Hopefully this means a successor to the Grand Prix World management game too. It may be the 1998 season in standard form, but I still play it today!:D

I found GPM2 to be a better game, GPW was a bit easier on the eye and mind, but in terms of features, rules, rule-changes, injuries, illness, development, bankruptcy - the whole F1 experience, I would say GPM2 is superior to this day.

What happened to Geoff Crammond since GP4?

A short "interview" with VirtualR (2014)

A longer, more in-depth, proper interview with RetroGamer (2009 - this is where he mentions that GP5 feels like unfinished business)
 
Am I the only one that isn't too excited by this news? I mean, MicroProse is just a name. What makes a name great is the people behind it. Unless they've somehow managed to bring back the exact same team that put the Grand Prix series together, the name means very little... and neither does the history behind it. There are too many examples of dead big names being revived, but only being a shadow of their former selves, to really get any hopes up of another ultimate GP game. Or any other type of game, for that matter.

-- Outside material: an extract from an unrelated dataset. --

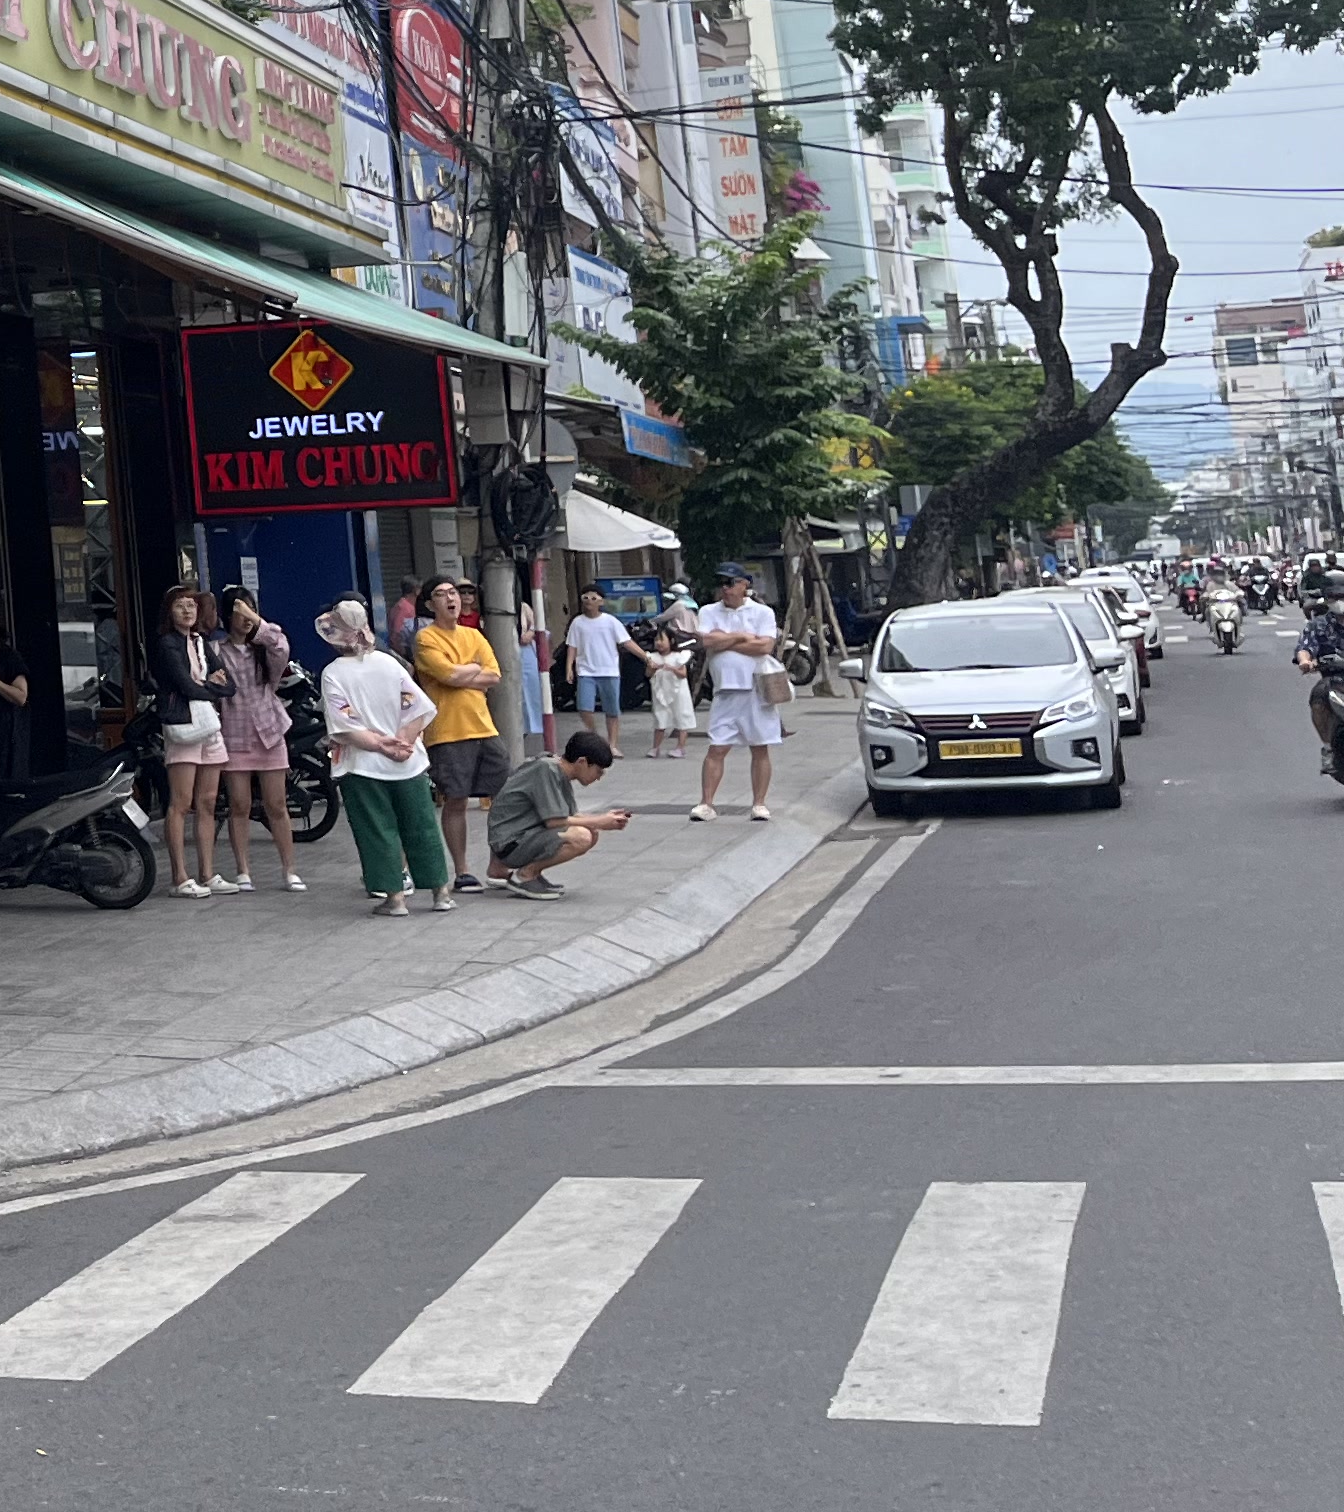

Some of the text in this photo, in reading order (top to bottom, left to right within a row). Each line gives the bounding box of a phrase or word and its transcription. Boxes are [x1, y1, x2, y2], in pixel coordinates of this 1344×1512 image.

[248, 411, 386, 440] JEWELRY
[204, 441, 441, 493] KIM CHUNG

I mean, SimBin have a fine history of racing simulation too. They got revived a few years back, even announcing their next big project and... :whistling:

It's also worth pointing out that one of the things that made the GP series great is that it broke new ground, doing things nobody else had done before. That wouldn't be the case this time. Instead, they'll be competing with the other big sims that are already out there, and with more on the way. Doing something that's already established better than anyone else is much harder than setting the standard in the first place.

I agree. GP2 was my first entry on racing games, and I miss so much the Grand Prix series, but the name alone means a little to nothing I'm affraid.

I have wet dreams with a new F1 GP entry made by Geoff Crammond since GP4, but I think it's impossible by now :-(

I can't believe we, in 2019, can't have a title which equals GP4 all round. The physics and graphical aspects are now better without doubt, but the "simulation" of the sports and the game "atmosphere" GP series had, nobody was capable to deliver IMHO.
 
The start of my computer gaming is encapsulated by Microprose. From GP1 to GP4, from Falcon to F-15, Gunship to F-117 Stealth Fighter to M1 Tank Platoon. I still have every boxed microprose simulation. And I mean every one.

I still play GP4.
 
This news! It all started with Grand Prix 3 for me. I still would play it if I had the CD somewhere. This is what got me into cars, racing and motorsport.

Just the news is enough to make me shiver. I don't care if they ever will do a Sim again but I will be forever grateful that they got me into all the things I love now!
 
Yeah great news. GP series well ahead of it's time and GP2 was one of the games I've played the most. They also got many their great great games.
I just hope they aren't "SimBin" back.